The “accidental blogger”: one blogger’s experience with the blogosphere

I felt that it was interesting to hear from William Jacobson, a conservative political blogger and law professor at Cornell University, about his experiences as a blogger and founder of “Legal Insurrection.”

Jacobson described his experience with blogging as an accidental encounter; for, he began blogging on Google blogger as a hobby without thinking about the idea of entering a larger blogosphere.

What really caught my attention was his comment on how he transitioned from Google blogger to a larger, purchased domain. Within one year, he had smoothly transitioned from an amateur blogging website to a professional blog that received over one million visits. As a blogger myself, I found this statistic particularly astonishing and interesting, especially to hear about the work that he has done to create a strong presence in the online blogosphere.

One fact that made me think about my own blog, The Carousel of Opportunities, is the idea that bloggers should focus on improving the number of page views rather than page visits simply because page views are more accurate in counting who reads your blog. Jacobson said the influence of a blog is greater with page views than with page visits. I think that it was worthwhile to hear from Jacobson because his blog is pro-am, meaning he hires full-time contributing writers as well as works with part-time volunteer writers. Currently, his writers work with him to provide content for the blog and helps him manage the website. With a small staff and little revenue generating, “Legal Insurrections” has 45,000 page views per day.

Jacobson’s status as an “accidental blogger” helped me realize that blogging isn’t just for journalists, it is for everyone and anyone. One way Jacobson said he garners 45,000 page views is through the use of Facebook for his blog. He said Facebook is a prime driver of his website visits and contributes greatly to the daily traffic he receives. This fact emphasizes the importance of social media for advertising and promotions. Without social media like Facebook and Twitter, who knows how successful it would be to drive traffic to a website?
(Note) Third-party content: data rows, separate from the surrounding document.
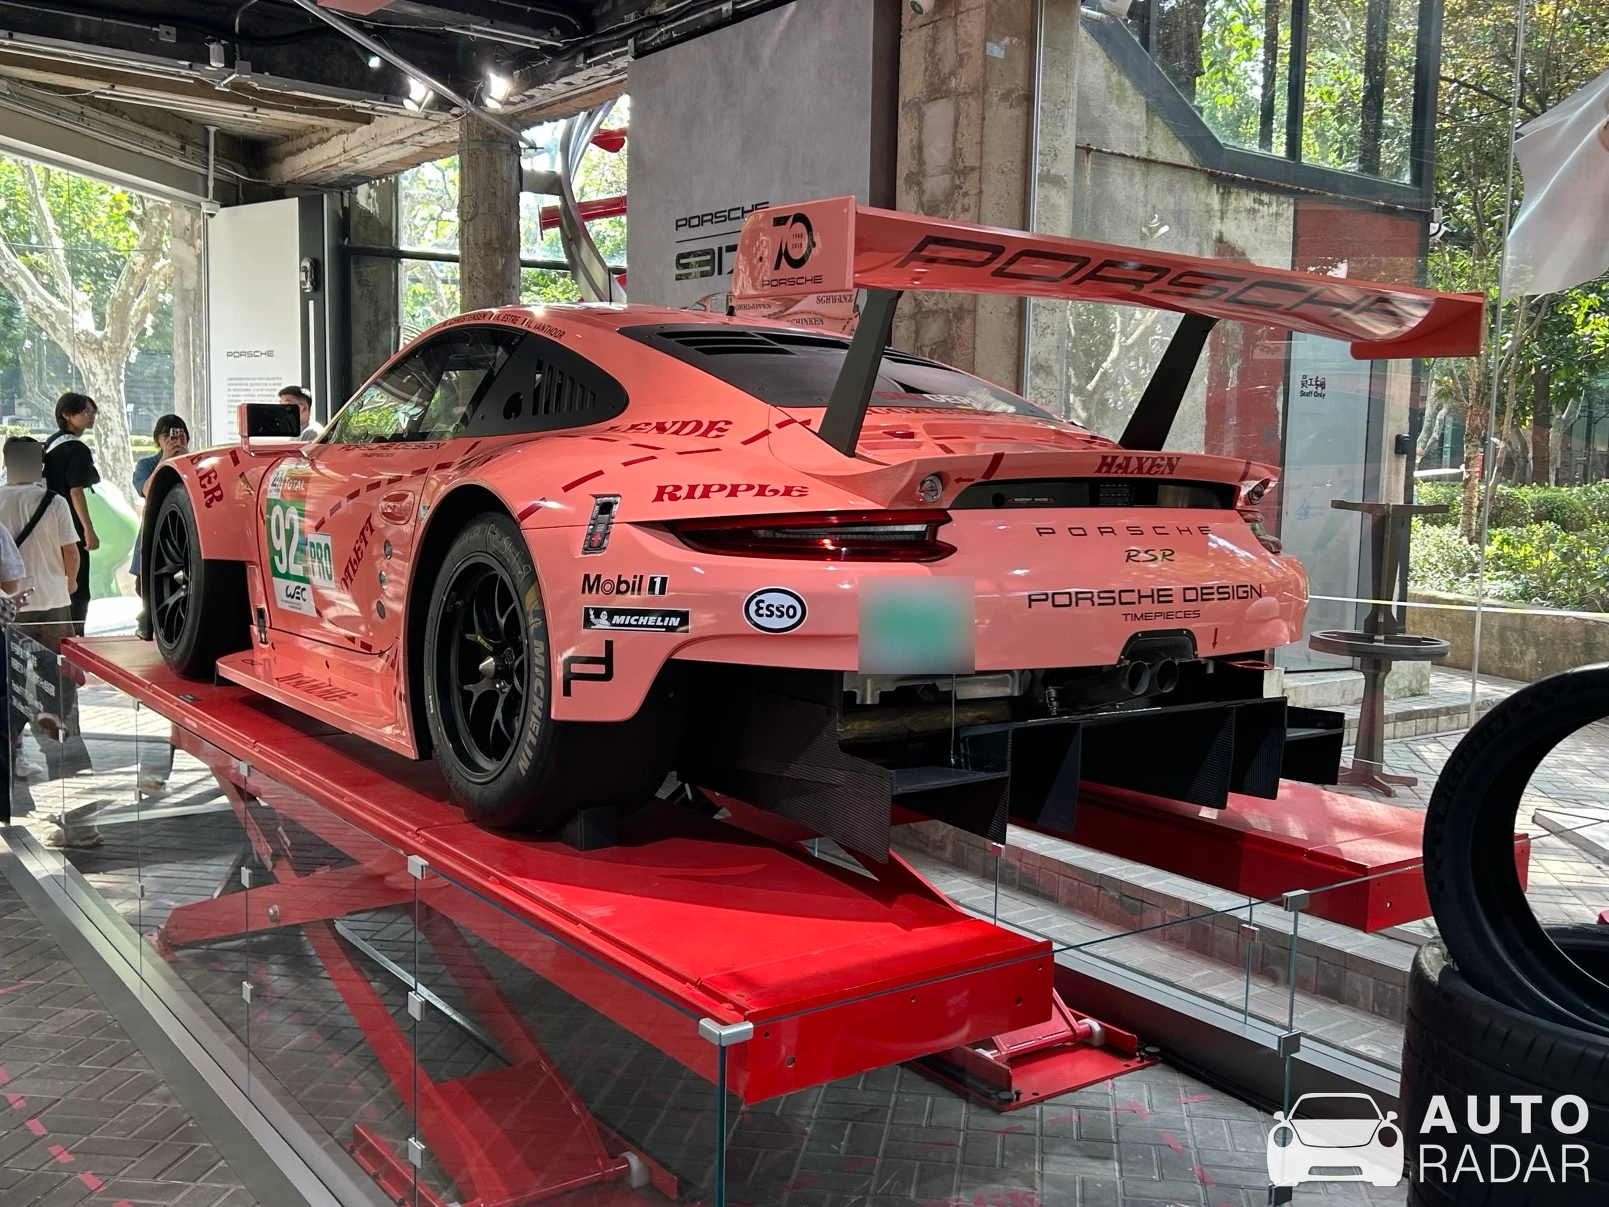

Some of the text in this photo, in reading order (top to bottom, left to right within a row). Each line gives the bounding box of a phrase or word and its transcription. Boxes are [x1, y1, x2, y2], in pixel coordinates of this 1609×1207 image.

[773, 212, 814, 271] 70
[761, 275, 823, 288] PORSCHE
[816, 294, 854, 304] SCHWANZ
[448, 313, 487, 326] CHRISTENSEN
[501, 313, 520, 324] ESTRE
[533, 321, 566, 340] VANTHOOR
[226, 350, 275, 358] PORSCHE
[1301, 374, 1326, 390] 员工专用
[1313, 391, 1326, 399] Only
[1094, 455, 1182, 476] HAXEN
[284, 477, 305, 491] TOTAL
[652, 483, 809, 503] RIPPLE
[1035, 525, 1213, 537] PORSCHE
[271, 504, 304, 576] 92
[309, 541, 333, 582] PRO
[1125, 549, 1175, 562] RSR
[581, 574, 643, 596] Mobil
[285, 585, 306, 602] WEC
[1028, 584, 1262, 608] PORSCHE DESIGN
[754, 599, 798, 620] Esso
[1122, 610, 1200, 622] TIMEPIECES
[612, 614, 681, 626] MICHELIN
[518, 639, 545, 777] MICHELIN
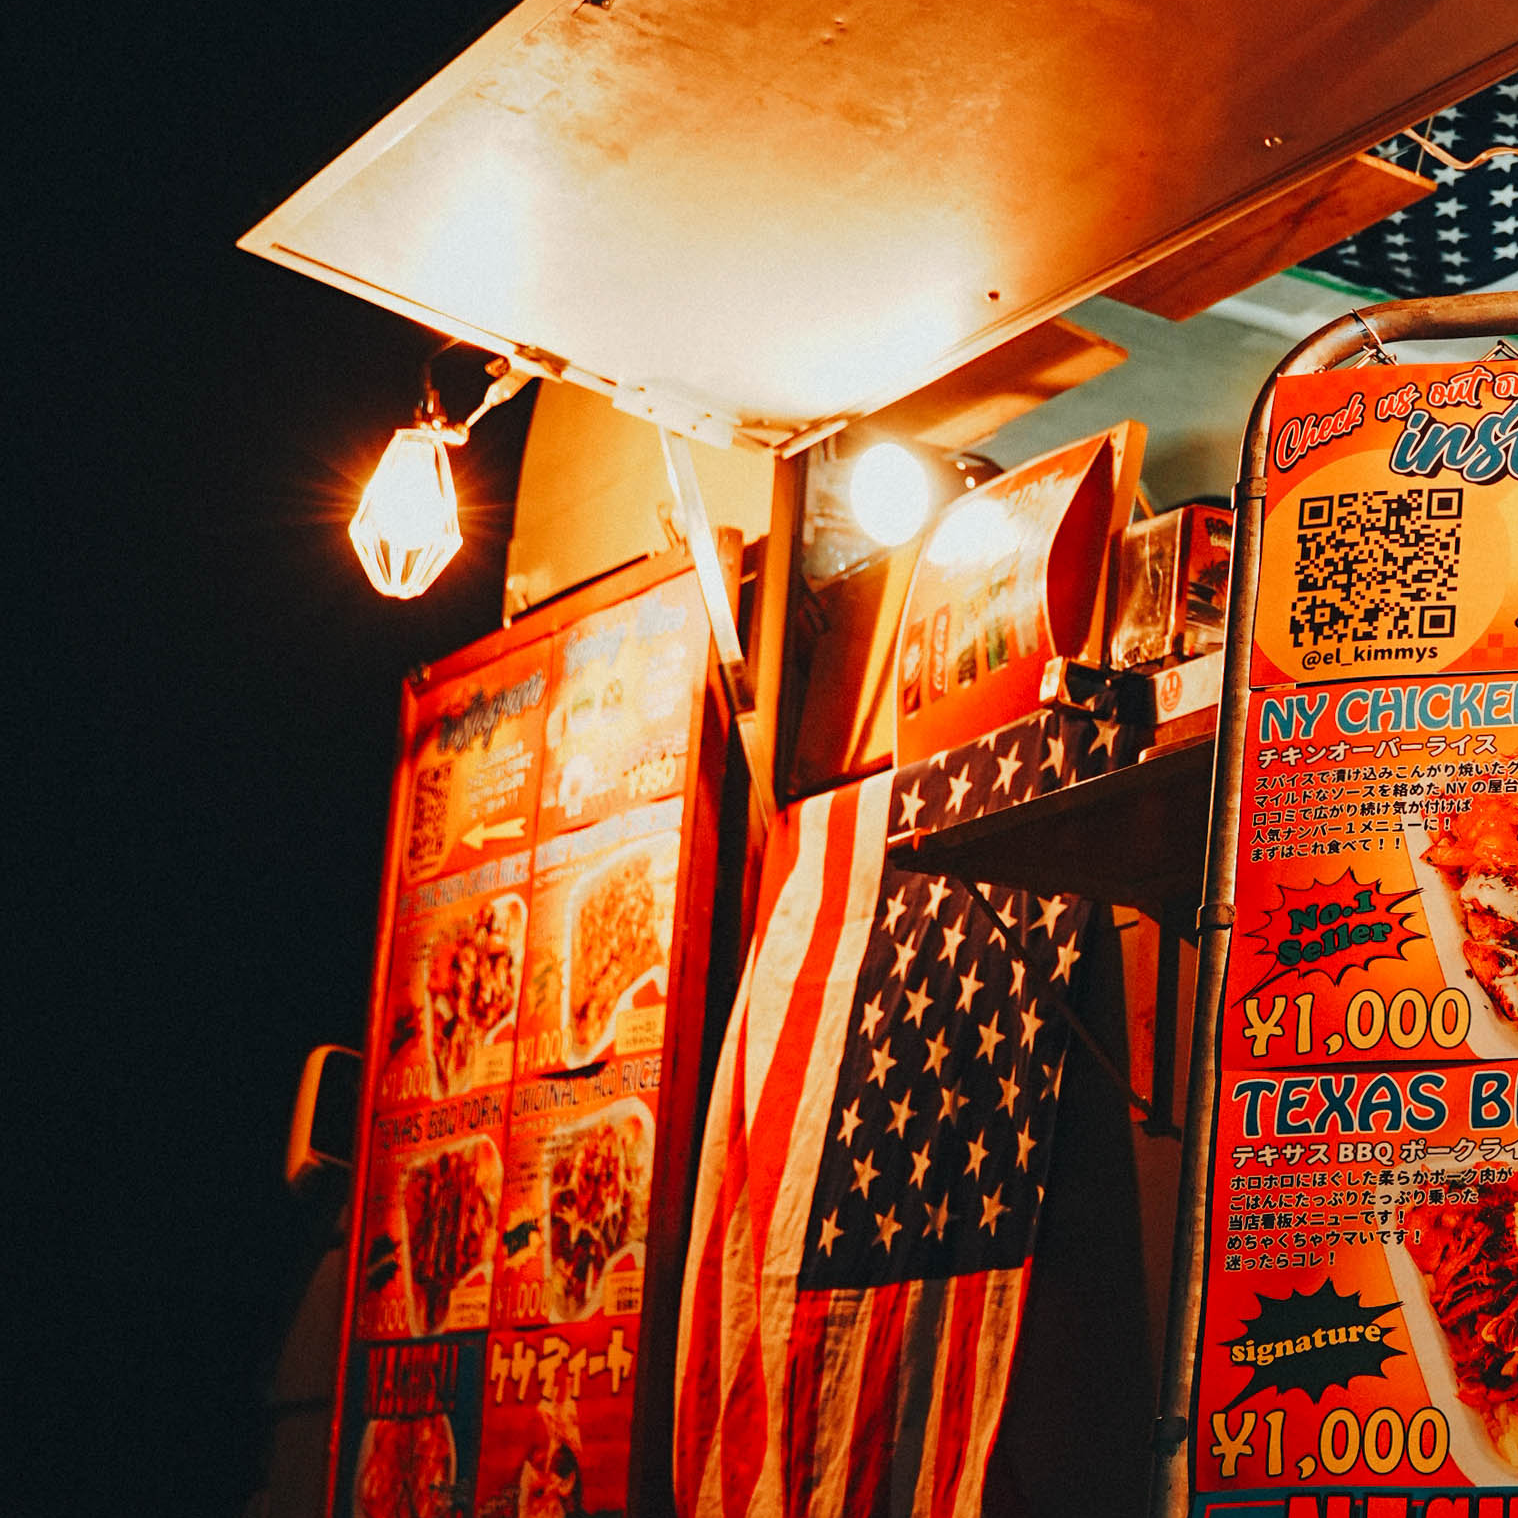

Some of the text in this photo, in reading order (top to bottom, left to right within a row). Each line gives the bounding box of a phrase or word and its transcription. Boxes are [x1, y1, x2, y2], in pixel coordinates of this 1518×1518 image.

[1274, 393, 1363, 470] Check
[1374, 384, 1417, 423] us
[1428, 366, 1483, 408] out
[1301, 645, 1439, 670] @el_kimmys
[1260, 694, 1332, 743] NY
[1259, 735, 1497, 769] チキンオーバーライス
[1253, 798, 1472, 827] 口コミで広がり続け気が付けば
[1288, 890, 1376, 935] No.1
[1277, 922, 1393, 966] Seller
[1243, 987, 1471, 1058] ¥1,000
[1232, 1072, 1448, 1139] TEXAS
[1232, 1143, 1330, 1168] テキサス
[1338, 1143, 1394, 1165] BBQ
[1230, 1189, 1479, 1211] ごはんにたっぷりたっぷり乗った
[1231, 1321, 1382, 1367] signature
[1210, 1406, 1450, 1480] ¥1,000
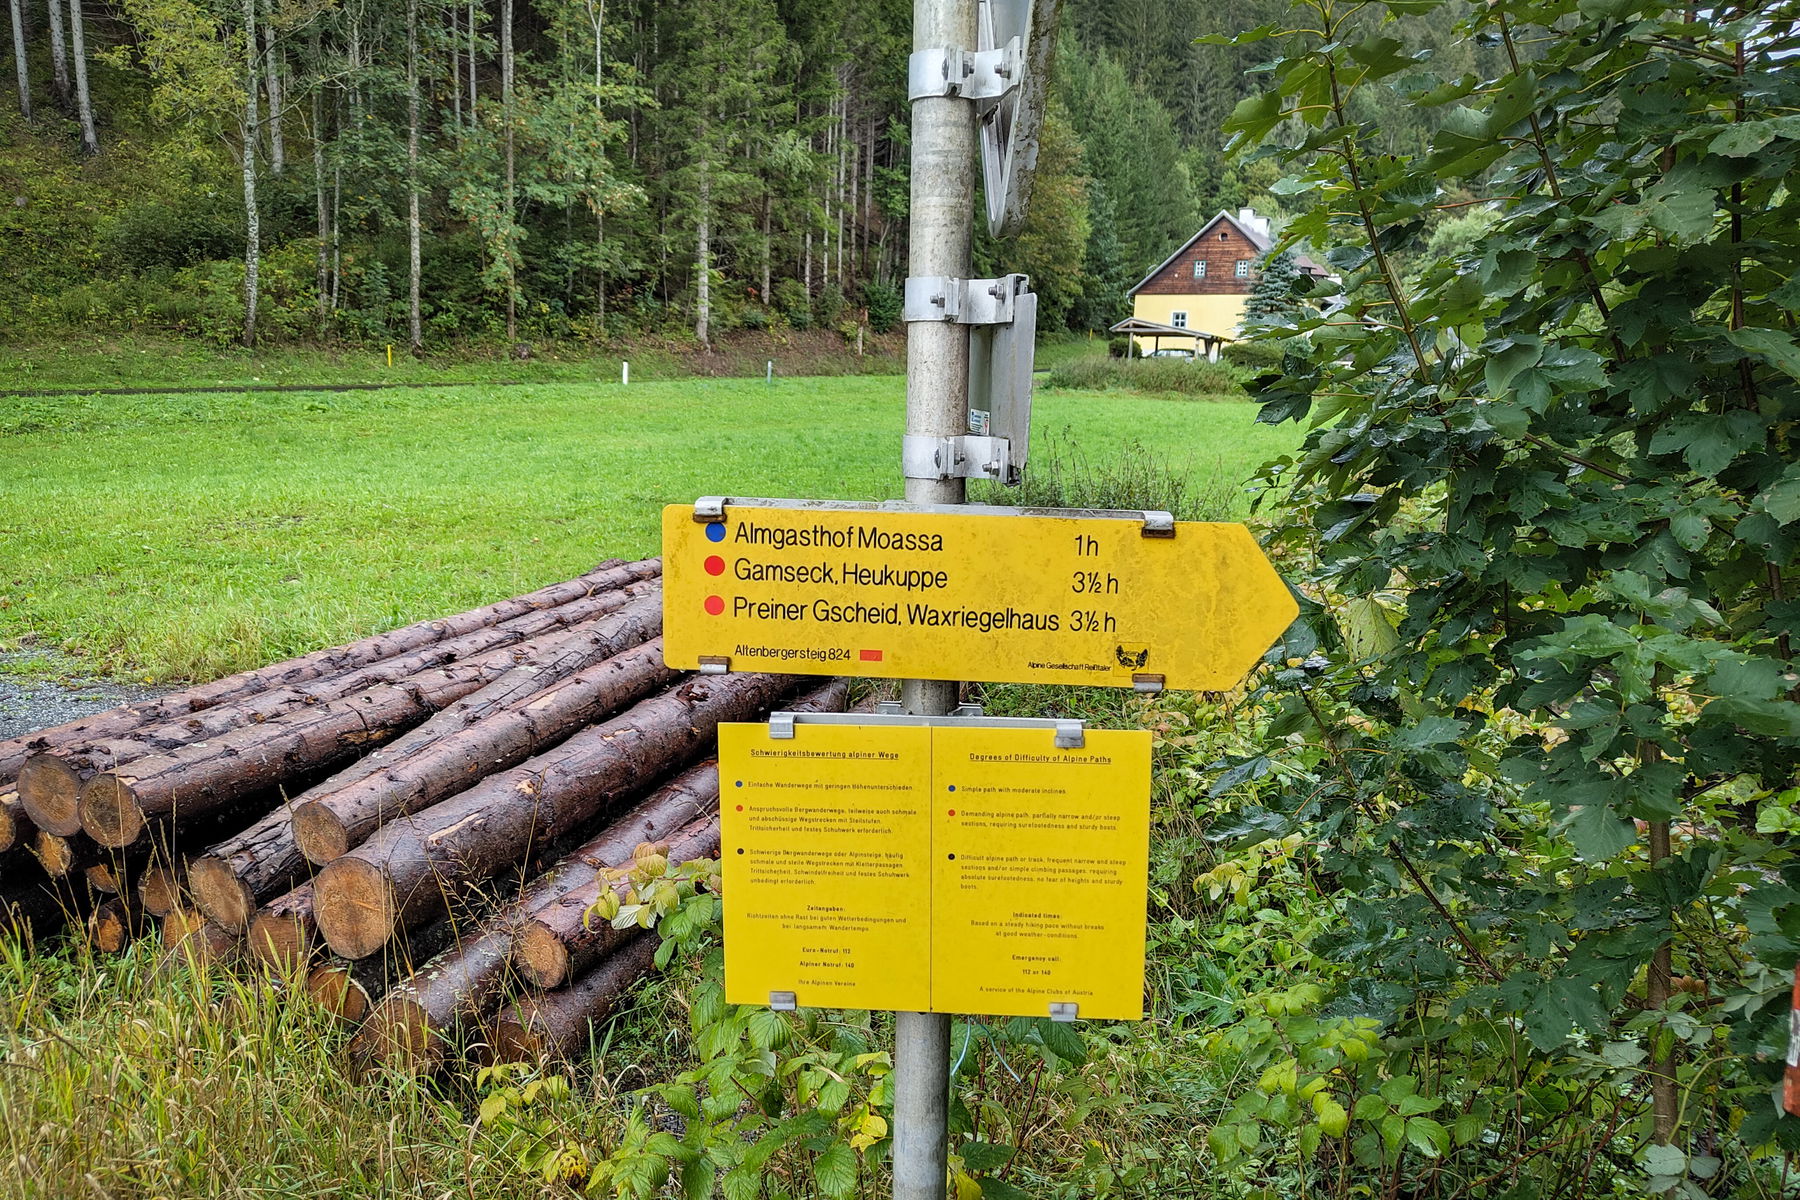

With that, Jacobson could easily generate around $60,000 in revenue for his blog and make blogging into a full time career. On average, Jacobson said he tries to blog about two to three times per day, which he could easily turn into a career if he wanted to.

I really enjoyed listening to the experiences of Jacobson because I think blogging is a tool that is up and coming in the field of communications. Although it is clear that some bloggers have turned their hobby into a career, such as Glenn Greenwald, it is also important to note that blogs can serve as a space to share one’s ideas and thoughts on a topic of interest. For Jacobson, his conservative, political thoughts translated to his blog, “Legal Insurrections,” and I think with 45,000 page views per day, that is quite an impressive result of showing how a hobby can have a larger value.